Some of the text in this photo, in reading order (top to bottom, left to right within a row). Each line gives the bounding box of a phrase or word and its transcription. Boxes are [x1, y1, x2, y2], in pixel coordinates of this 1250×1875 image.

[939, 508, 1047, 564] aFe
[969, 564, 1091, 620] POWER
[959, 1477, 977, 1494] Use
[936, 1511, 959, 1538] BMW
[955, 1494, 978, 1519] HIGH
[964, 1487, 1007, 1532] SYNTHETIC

════════

_WORK TASK_
Each line above is to be repeated exactly.

_SOLUTION FOR THIS PROBLEM_
Some of the text in this photo, in reading order (top to bottom, left to right within a row). Each line gives the bounding box of a phrase or word and its transcription. Boxes are [x1, y1, x2, y2], in pixel coordinates of this 1250×1875 image.

[939, 508, 1047, 564] aFe
[969, 564, 1091, 620] POWER
[959, 1477, 977, 1494] Use
[936, 1511, 959, 1538] BMW
[955, 1494, 978, 1519] HIGH
[964, 1487, 1007, 1532] SYNTHETIC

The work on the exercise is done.